§ **WORK REQUEST**
Would you retype exactly the lines below, from the one containing "this 1920×1080 image." through the end of the entries, both ends included, but not the pictures?

Dataset entries:
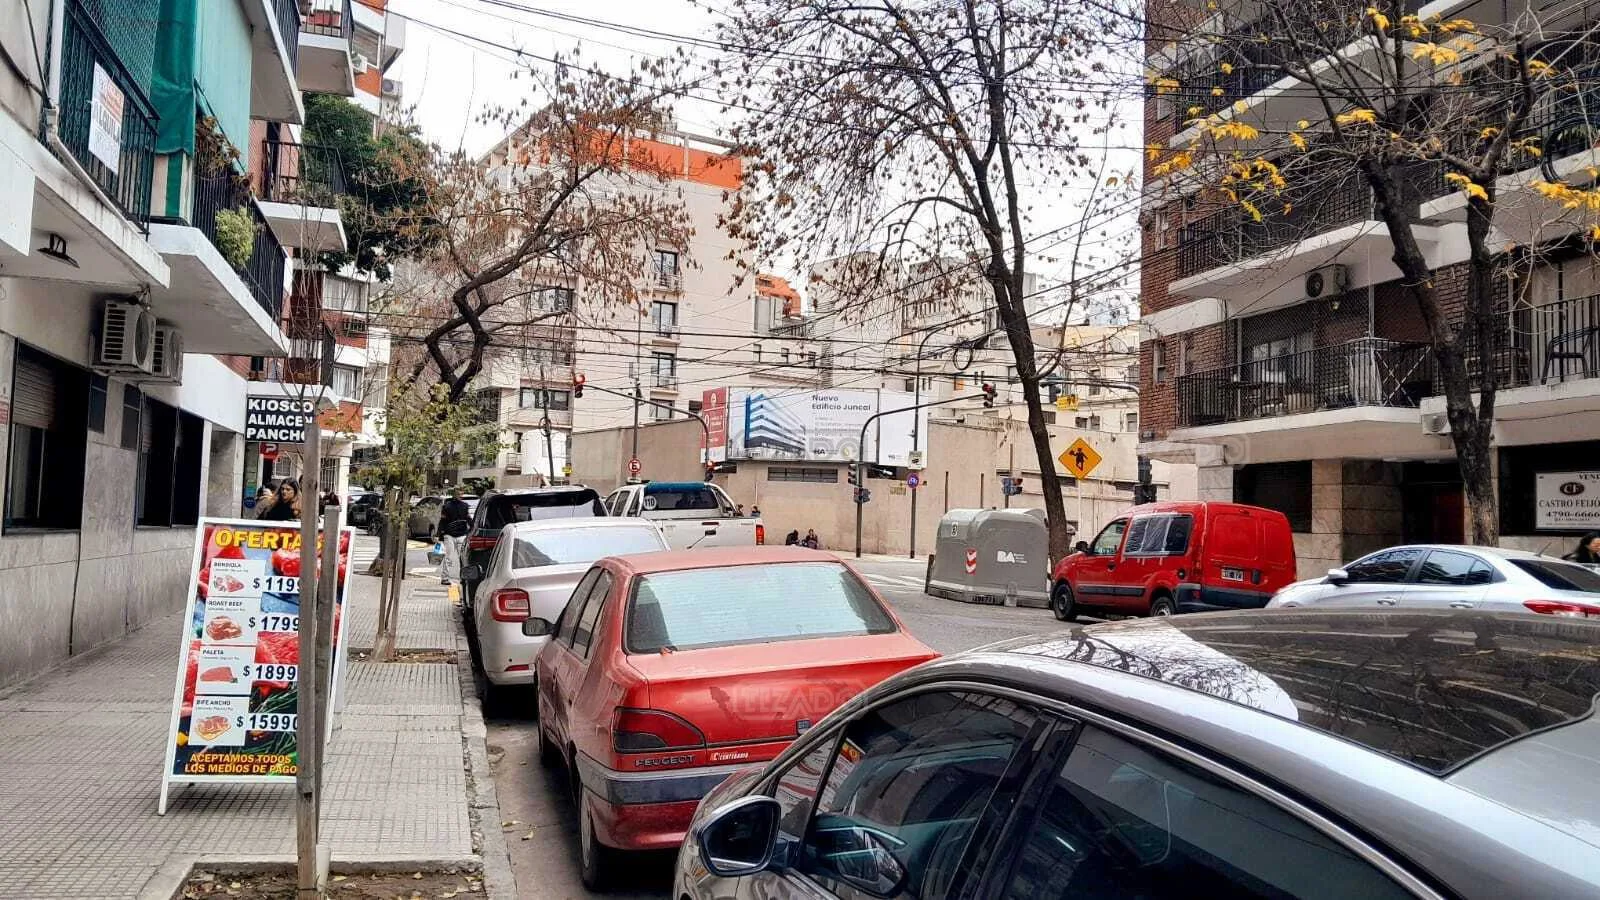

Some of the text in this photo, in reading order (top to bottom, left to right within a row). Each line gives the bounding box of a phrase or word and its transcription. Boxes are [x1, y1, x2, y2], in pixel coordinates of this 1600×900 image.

[811, 394, 839, 402] Nuevo
[248, 399, 314, 413] KIOSCO
[644, 498, 655, 508] 110
[1539, 500, 1573, 508] CASTRO
[253, 577, 260, 589] $
[249, 616, 256, 628] $
[243, 665, 250, 676] $
[236, 716, 244, 728] $
[190, 753, 292, 764] ACEPTAMOS TODOS
[635, 755, 694, 766] PEUGEOT
[184, 763, 297, 774] LOS MEDIOS DE PAGO
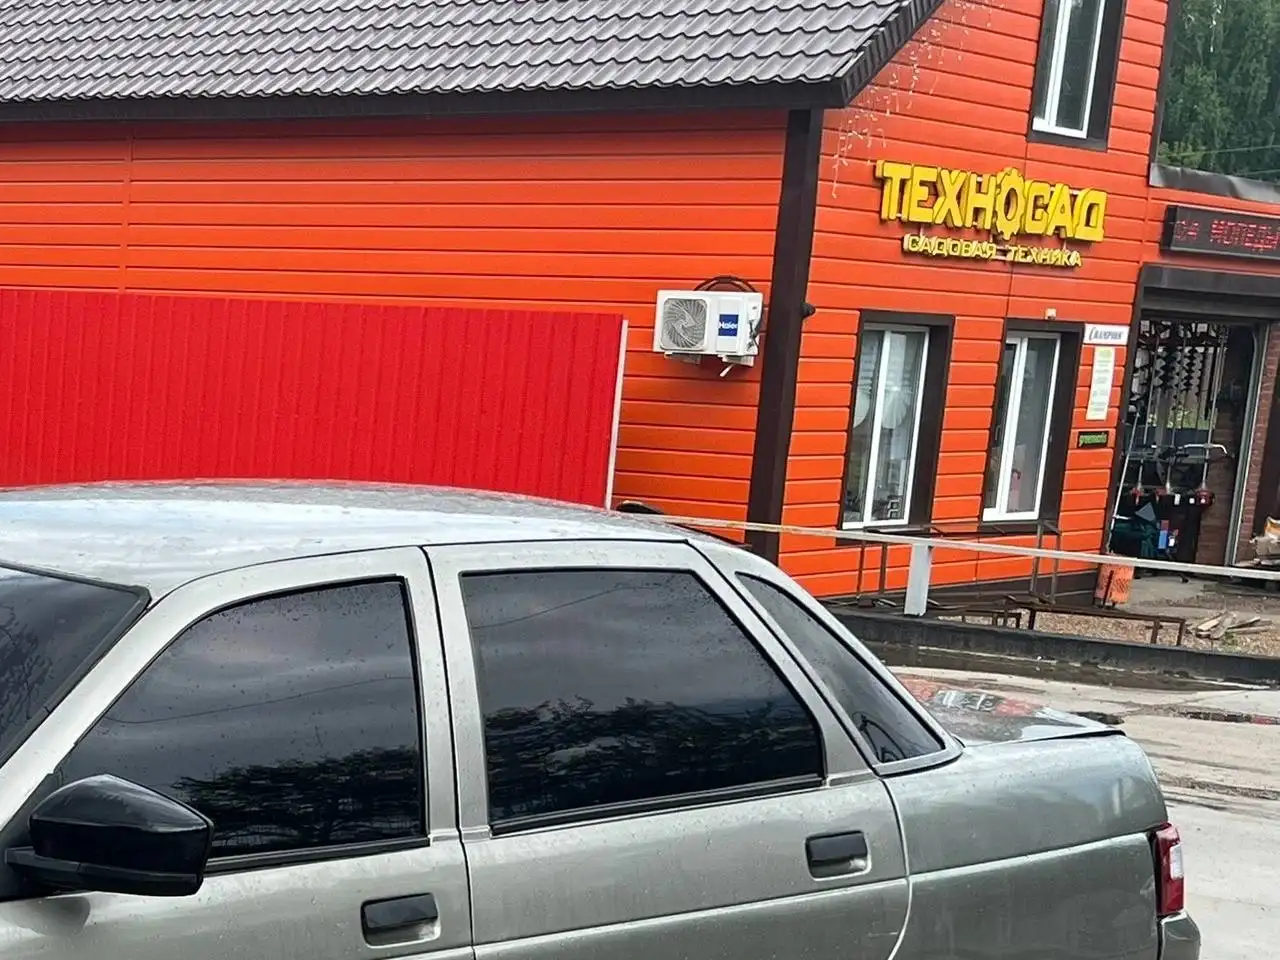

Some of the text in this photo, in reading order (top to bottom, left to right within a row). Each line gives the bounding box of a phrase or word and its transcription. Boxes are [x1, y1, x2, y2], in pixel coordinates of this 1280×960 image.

[876, 160, 1107, 241] ТЕХНОСАД
[903, 233, 1082, 267] САДОВАЯ ТЕХНИКА
[718, 320, 737, 330] Haier
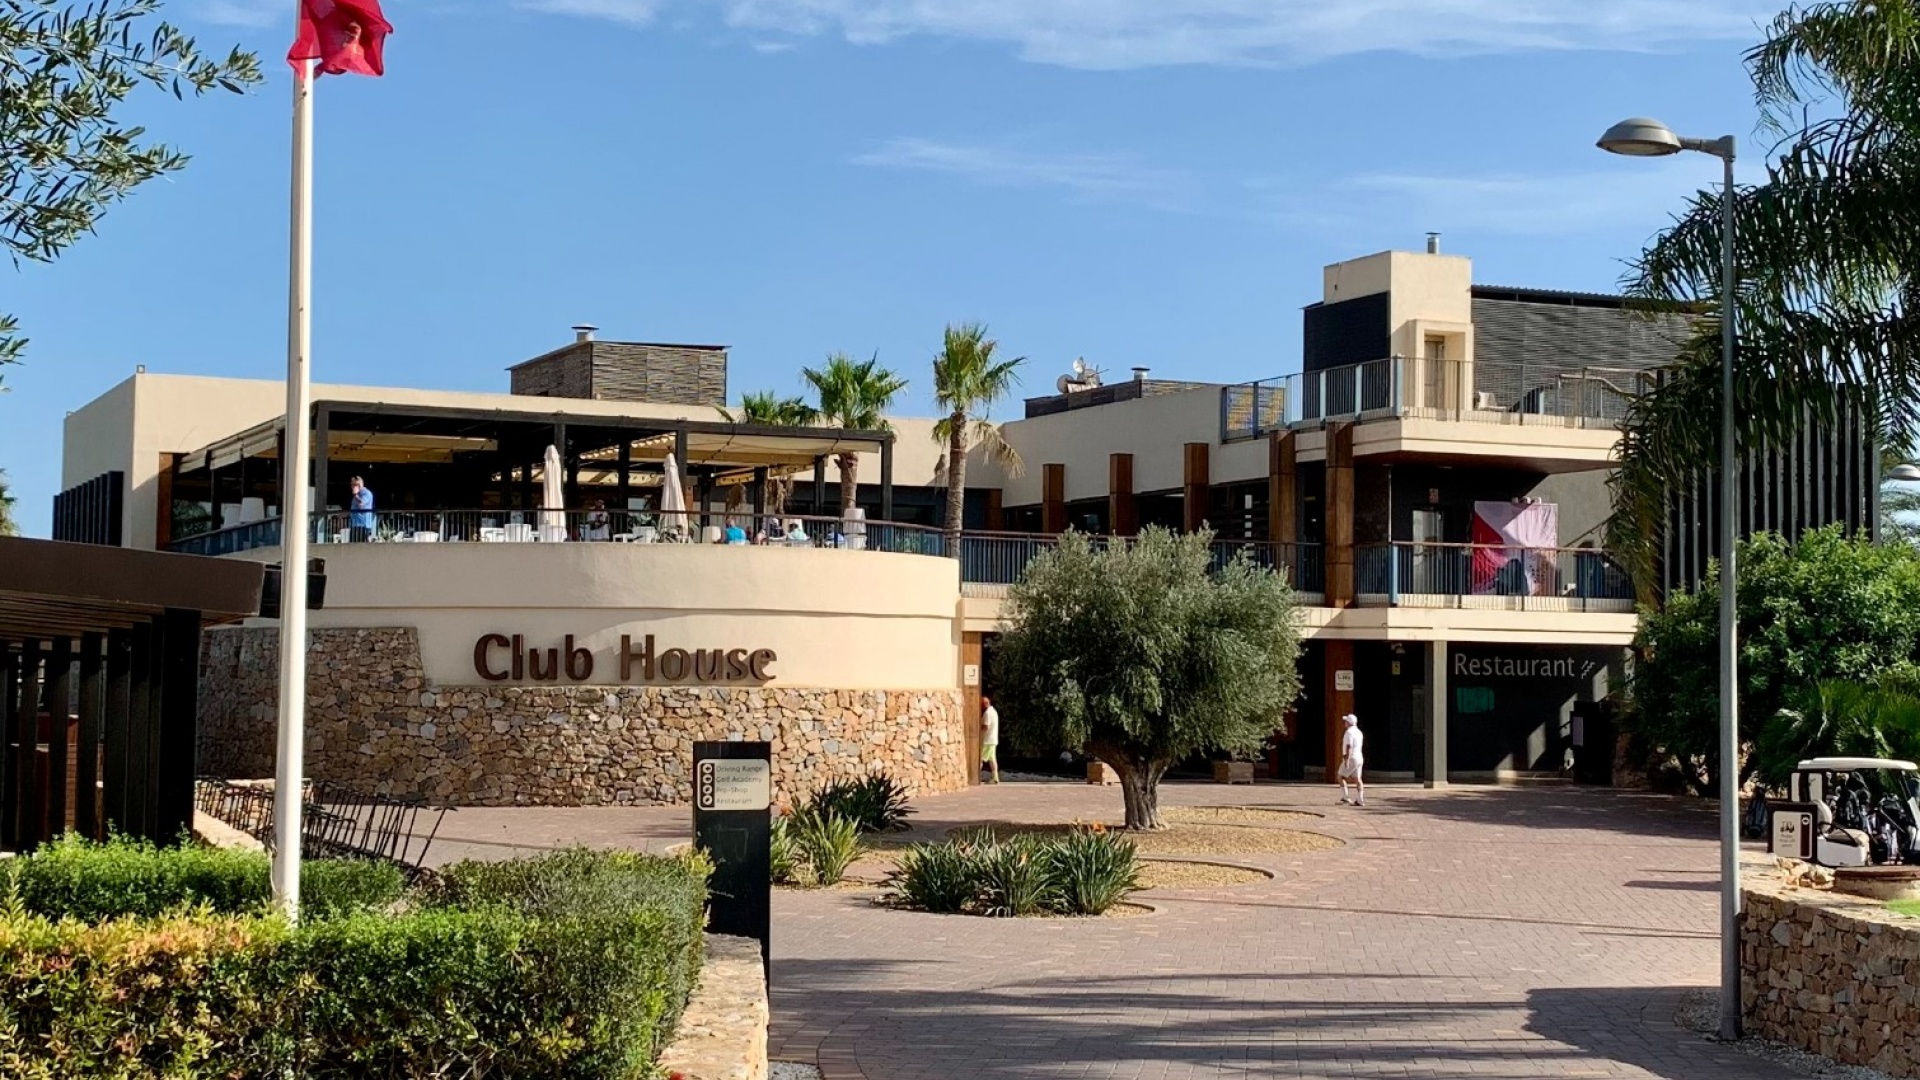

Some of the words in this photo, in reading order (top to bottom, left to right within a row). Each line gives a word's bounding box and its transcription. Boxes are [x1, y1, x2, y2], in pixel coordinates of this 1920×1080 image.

[473, 634, 594, 681] Club
[619, 634, 778, 681] House
[1454, 653, 1575, 677] Restaurant
[742, 765, 763, 773] Range
[716, 775, 731, 783] Golf
[731, 776, 763, 784] Academy
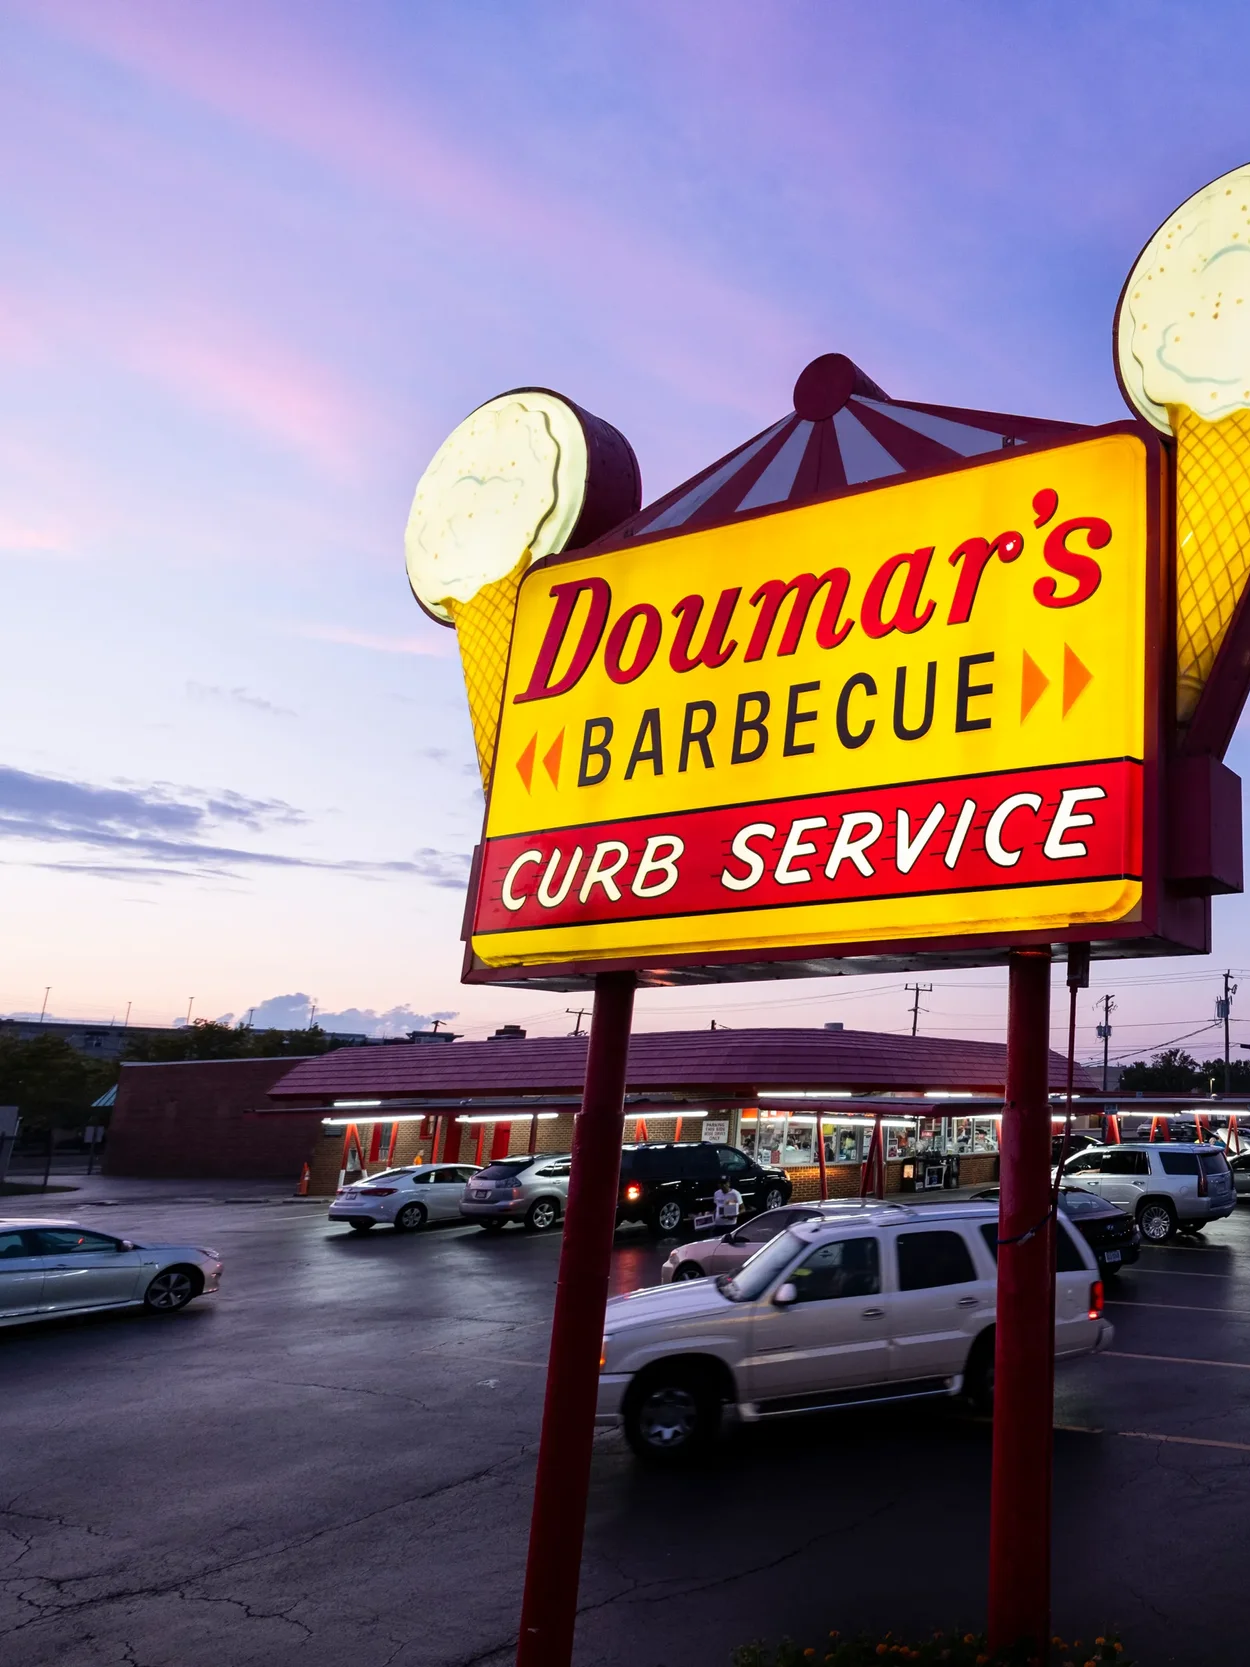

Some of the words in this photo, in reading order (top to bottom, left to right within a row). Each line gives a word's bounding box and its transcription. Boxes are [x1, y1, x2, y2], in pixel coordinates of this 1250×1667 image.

[513, 487, 1112, 704] Doumar's
[576, 651, 996, 787] BARBECUE
[501, 834, 685, 911] CURB
[720, 786, 1106, 892] SERVICE

§ **RESULT FOR THIS EXERCISE**
Some of the words in this photo, in reading order (top to bottom, left to right within a row). Each line gives a word's bounding box and its transcription. Boxes are [x1, y1, x2, y2], in pixel coordinates of this 1920×1080 image.

[473, 634, 594, 681] Club
[619, 634, 778, 681] House
[1454, 653, 1575, 677] Restaurant
[742, 765, 763, 773] Range
[716, 775, 731, 783] Golf
[731, 776, 763, 784] Academy

Some of the words in this photo, in reading order (top to bottom, left to right within a row). Each line gives a word's bounding box and its transcription. Boxes are [x1, y1, x2, y2], in pixel coordinates of this 1250×1667 image.

[513, 487, 1112, 704] Doumar's
[576, 651, 996, 787] BARBECUE
[501, 834, 685, 911] CURB
[720, 786, 1106, 892] SERVICE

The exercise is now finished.